Théo Lion analyse pourquoi les Français n'admirent pas leurs entrepreneurs en s'appuyant sur Cyrano de Bergerac de Rostand, incarnant le "panache" français : la beauté du geste gratuit et stylé, même dans la défaite.
Il oppose cela au pragmatisme américain de l'entrepreneur (résultats avant tout, comme chez Musk ou Jobs), incompatible avec l'idéal kantien/descartien français où l'intention pure prime sur les gains matériels.
TL;DR
- Panache : superfluité élégante (plume au chapeau), geste beau sans utilité, primat du style sur la victoire (ex: Cyrano aide un rival par amour secret).
- Héros français : perd avec grandeur (Vercingétorix, Waterlooo), pas les "marchands" qui s'enrichissent sans cause noble.

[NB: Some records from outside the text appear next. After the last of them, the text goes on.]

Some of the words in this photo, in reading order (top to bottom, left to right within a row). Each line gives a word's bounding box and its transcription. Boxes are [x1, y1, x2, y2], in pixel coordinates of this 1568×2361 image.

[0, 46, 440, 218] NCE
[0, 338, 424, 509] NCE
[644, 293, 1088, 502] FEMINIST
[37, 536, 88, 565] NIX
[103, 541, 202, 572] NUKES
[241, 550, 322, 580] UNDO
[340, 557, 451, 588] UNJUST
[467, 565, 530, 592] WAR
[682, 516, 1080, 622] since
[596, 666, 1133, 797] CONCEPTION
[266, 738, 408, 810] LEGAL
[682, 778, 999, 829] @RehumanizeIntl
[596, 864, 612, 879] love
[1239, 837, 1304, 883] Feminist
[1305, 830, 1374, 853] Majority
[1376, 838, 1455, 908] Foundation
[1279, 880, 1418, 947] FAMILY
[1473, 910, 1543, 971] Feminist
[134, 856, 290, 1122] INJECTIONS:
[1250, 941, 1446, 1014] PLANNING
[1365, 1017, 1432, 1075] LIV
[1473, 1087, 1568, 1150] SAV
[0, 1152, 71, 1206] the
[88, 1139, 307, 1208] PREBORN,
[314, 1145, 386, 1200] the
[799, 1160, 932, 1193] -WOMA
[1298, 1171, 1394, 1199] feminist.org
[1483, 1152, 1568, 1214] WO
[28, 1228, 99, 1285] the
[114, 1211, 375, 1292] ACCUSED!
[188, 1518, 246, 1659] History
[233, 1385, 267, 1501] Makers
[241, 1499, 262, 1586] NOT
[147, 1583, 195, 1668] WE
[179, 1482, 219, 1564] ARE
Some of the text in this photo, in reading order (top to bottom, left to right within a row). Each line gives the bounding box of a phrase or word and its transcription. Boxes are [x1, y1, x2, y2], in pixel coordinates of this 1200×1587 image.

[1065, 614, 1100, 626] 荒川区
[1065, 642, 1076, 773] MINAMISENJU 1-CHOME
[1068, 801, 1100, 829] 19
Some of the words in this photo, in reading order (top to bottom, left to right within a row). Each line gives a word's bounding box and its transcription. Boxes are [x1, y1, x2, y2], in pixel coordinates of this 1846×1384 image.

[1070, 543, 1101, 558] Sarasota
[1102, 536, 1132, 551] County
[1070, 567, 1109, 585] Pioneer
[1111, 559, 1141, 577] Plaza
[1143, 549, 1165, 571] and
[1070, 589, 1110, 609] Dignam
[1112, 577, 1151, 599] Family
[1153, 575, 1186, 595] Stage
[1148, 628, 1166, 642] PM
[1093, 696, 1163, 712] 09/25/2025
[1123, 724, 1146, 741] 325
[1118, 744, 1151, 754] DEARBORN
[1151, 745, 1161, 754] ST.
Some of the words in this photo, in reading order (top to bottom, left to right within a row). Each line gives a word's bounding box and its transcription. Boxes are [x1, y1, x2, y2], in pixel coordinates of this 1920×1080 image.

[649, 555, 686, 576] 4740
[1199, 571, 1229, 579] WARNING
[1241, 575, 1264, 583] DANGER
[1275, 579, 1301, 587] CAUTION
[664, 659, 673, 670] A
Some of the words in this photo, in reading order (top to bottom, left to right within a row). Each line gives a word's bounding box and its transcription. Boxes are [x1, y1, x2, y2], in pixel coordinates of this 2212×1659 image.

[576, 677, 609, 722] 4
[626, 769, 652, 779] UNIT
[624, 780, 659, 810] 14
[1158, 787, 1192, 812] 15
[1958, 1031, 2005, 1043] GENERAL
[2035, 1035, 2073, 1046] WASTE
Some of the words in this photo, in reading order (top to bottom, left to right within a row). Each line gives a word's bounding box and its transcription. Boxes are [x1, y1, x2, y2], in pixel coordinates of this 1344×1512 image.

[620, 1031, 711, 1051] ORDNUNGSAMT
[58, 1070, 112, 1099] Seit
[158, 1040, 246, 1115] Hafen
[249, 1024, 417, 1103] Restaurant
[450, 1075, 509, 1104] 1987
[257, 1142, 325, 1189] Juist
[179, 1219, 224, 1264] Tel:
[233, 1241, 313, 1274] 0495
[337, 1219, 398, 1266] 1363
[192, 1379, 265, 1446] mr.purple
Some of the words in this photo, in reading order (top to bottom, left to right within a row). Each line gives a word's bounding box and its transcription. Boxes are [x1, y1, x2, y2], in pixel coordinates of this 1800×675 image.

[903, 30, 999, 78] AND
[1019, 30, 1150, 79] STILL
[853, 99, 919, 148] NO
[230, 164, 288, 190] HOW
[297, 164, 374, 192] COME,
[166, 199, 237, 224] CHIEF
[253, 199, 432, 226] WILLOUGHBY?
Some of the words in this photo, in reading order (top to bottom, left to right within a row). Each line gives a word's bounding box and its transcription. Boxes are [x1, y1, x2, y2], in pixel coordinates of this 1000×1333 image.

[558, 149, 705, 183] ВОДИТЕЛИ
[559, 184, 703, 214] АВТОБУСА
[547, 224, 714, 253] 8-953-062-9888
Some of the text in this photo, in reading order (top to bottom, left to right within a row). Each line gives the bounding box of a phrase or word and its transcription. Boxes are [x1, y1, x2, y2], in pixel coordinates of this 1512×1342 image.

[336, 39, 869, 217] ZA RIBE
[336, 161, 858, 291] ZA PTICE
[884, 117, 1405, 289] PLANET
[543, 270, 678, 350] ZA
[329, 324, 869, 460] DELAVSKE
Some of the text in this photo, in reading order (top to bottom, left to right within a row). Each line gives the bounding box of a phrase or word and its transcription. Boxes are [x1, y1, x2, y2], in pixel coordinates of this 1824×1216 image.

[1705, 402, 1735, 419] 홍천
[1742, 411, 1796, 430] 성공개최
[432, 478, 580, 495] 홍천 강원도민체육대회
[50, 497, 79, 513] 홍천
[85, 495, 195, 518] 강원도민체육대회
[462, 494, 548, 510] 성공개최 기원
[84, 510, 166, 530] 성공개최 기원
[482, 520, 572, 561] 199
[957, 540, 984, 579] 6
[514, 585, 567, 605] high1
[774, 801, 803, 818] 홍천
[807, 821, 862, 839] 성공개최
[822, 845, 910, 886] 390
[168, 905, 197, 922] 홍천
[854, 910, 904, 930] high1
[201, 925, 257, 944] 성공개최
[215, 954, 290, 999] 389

- Choc culturel : entrepreneur = calcul/utilité (pragmatisme US) vs. France = pureté morale, forme > fond (Kant/Descartes).
- Conséquences : on admire idées hautes (liberté, honneur) via figures providentielles (De Gaulle), pas le succès économique brut.
En une phrase
Les Français préfèrent les héros qui perdent avec panache (Cyrano) aux entrepreneurs pragmatiques qui gagnent sans style.